§ EXERCISE
Below are entries to be transcribed exactly; exclude the pictures from the copy.

§ RECORDS SHOWN
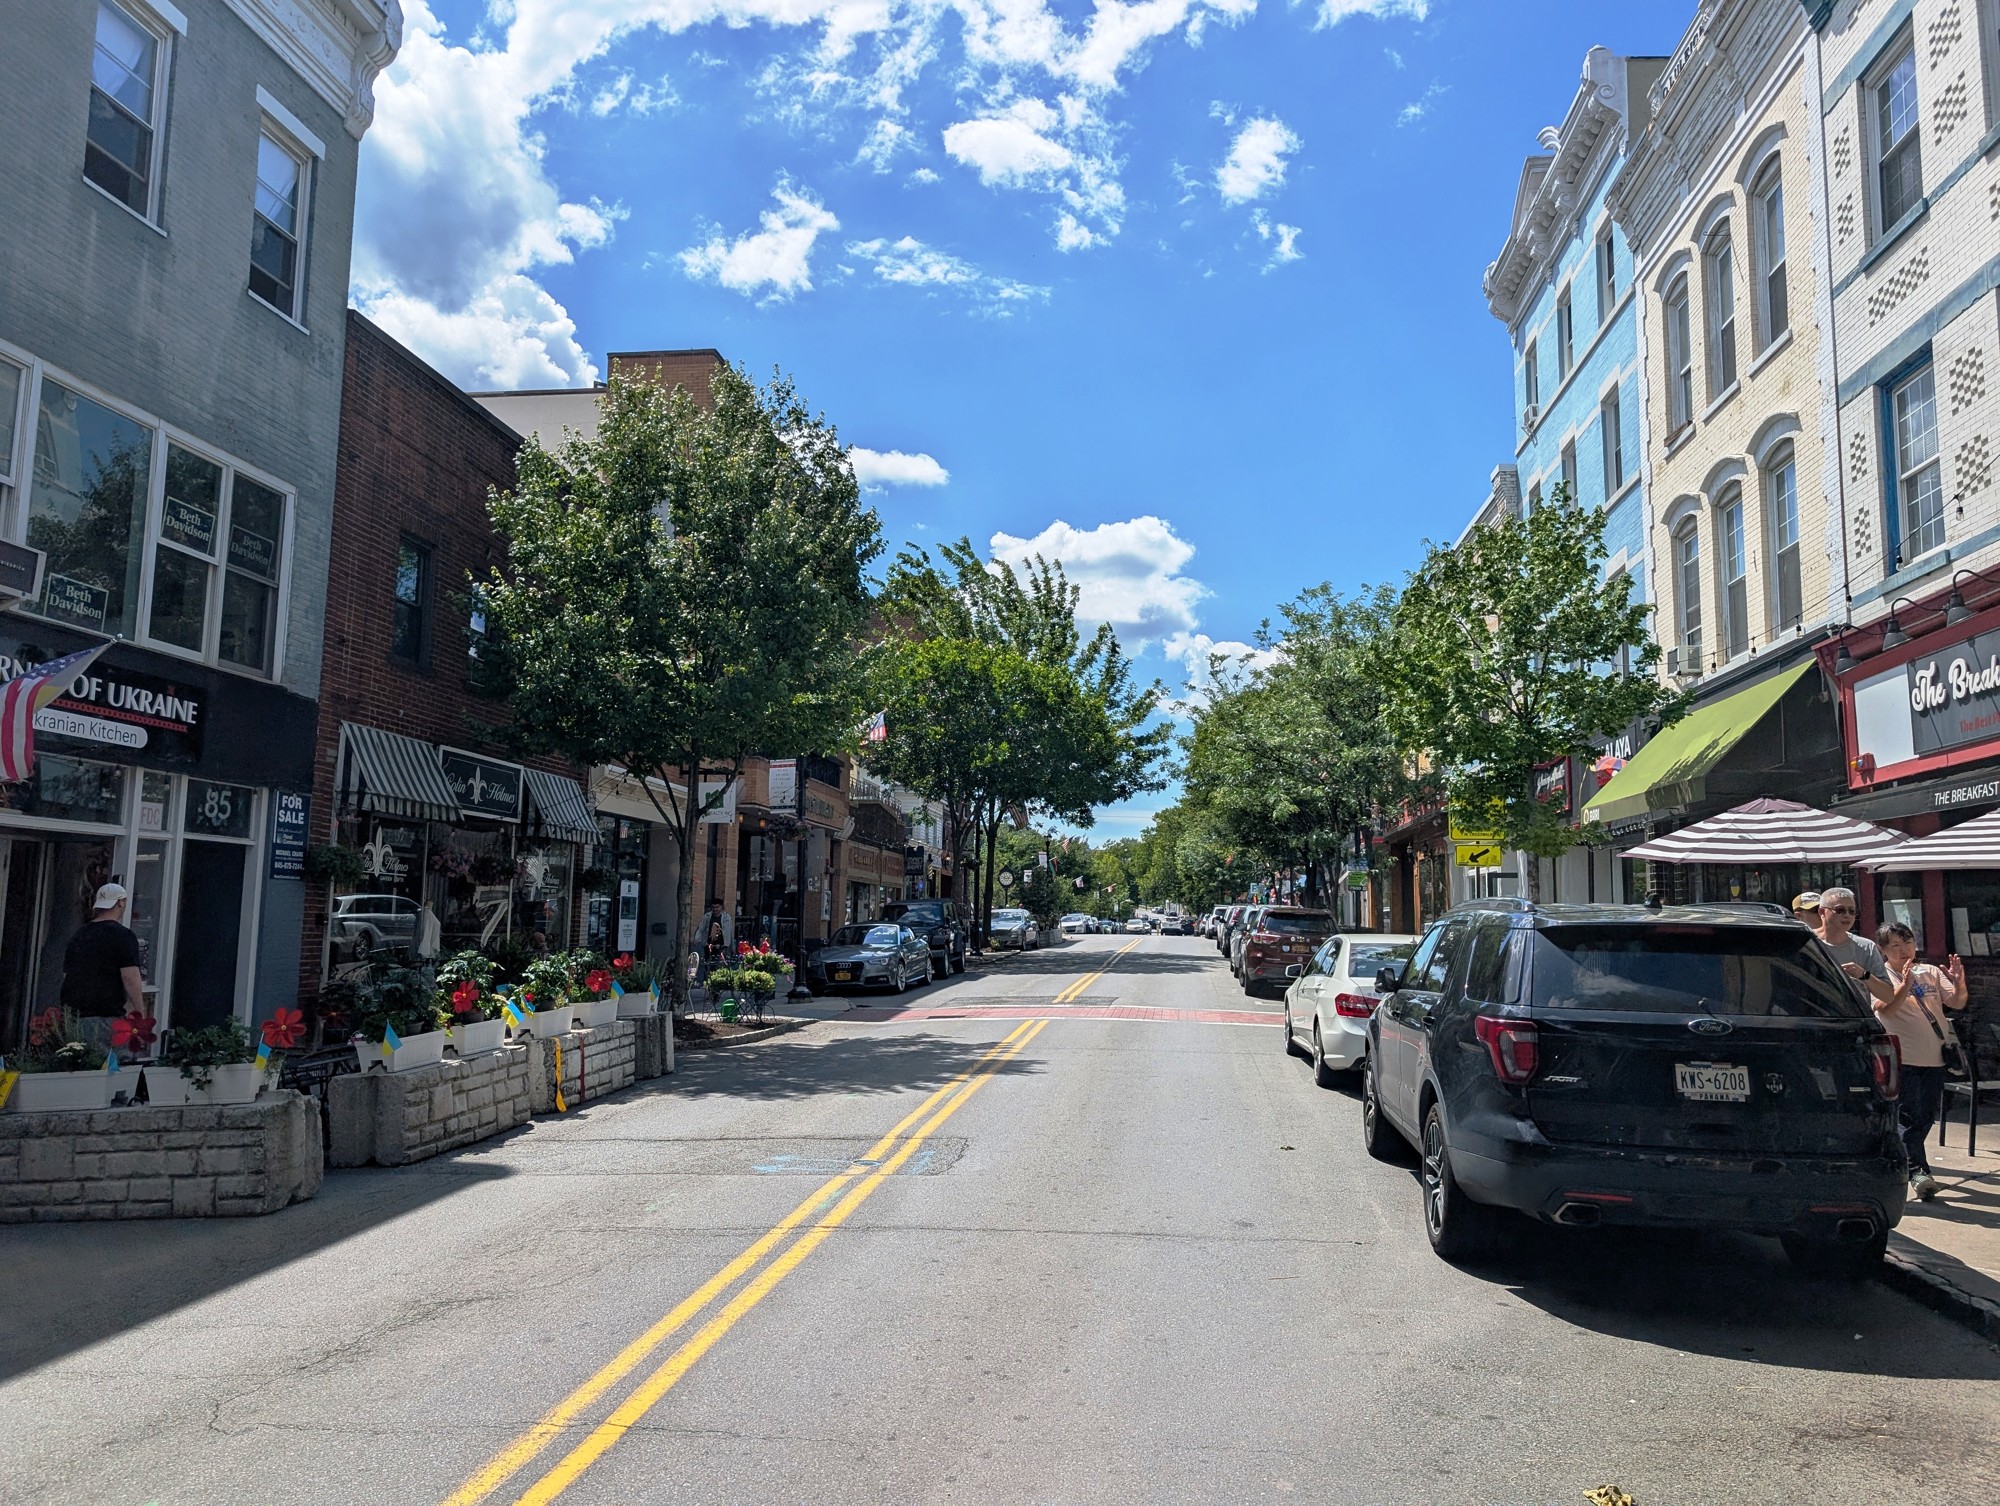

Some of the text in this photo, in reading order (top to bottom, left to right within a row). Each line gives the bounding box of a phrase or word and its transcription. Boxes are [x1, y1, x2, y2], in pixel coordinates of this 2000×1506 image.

[179, 508, 201, 525] Beth
[166, 515, 210, 541] Davidson
[231, 542, 268, 565] Davidson
[243, 536, 262, 551] Beth
[65, 585, 91, 603] Beth
[49, 594, 102, 619] Davidson
[1911, 661, 1947, 712] The
[68, 675, 103, 701] OF
[107, 682, 198, 724] UKRAINE
[34, 713, 137, 745] kranian Kitchen
[204, 788, 232, 820] 85
[281, 795, 303, 810] FOR
[486, 783, 516, 804] Holmes
[1934, 780, 2000, 806] THE BREAKFAST
[278, 809, 305, 825] SALE
[1699, 1021, 1722, 1032] Ford
[1699, 1093, 1730, 1101] PANAMA

§ RESULT OF THE EXERCISE
Some of the text in this photo, in reading order (top to bottom, left to right within a row). Each line gives the bounding box of a phrase or word and its transcription. Boxes are [x1, y1, x2, y2], in pixel coordinates of this 2000×1506 image.

[179, 508, 201, 525] Beth
[166, 515, 210, 541] Davidson
[231, 542, 268, 565] Davidson
[243, 536, 262, 551] Beth
[65, 585, 91, 603] Beth
[49, 594, 102, 619] Davidson
[1911, 661, 1947, 712] The
[68, 675, 103, 701] OF
[107, 682, 198, 724] UKRAINE
[34, 713, 137, 745] kranian Kitchen
[204, 788, 232, 820] 85
[281, 795, 303, 810] FOR
[486, 783, 516, 804] Holmes
[1934, 780, 2000, 806] THE BREAKFAST
[278, 809, 305, 825] SALE
[1699, 1021, 1722, 1032] Ford
[1699, 1093, 1730, 1101] PANAMA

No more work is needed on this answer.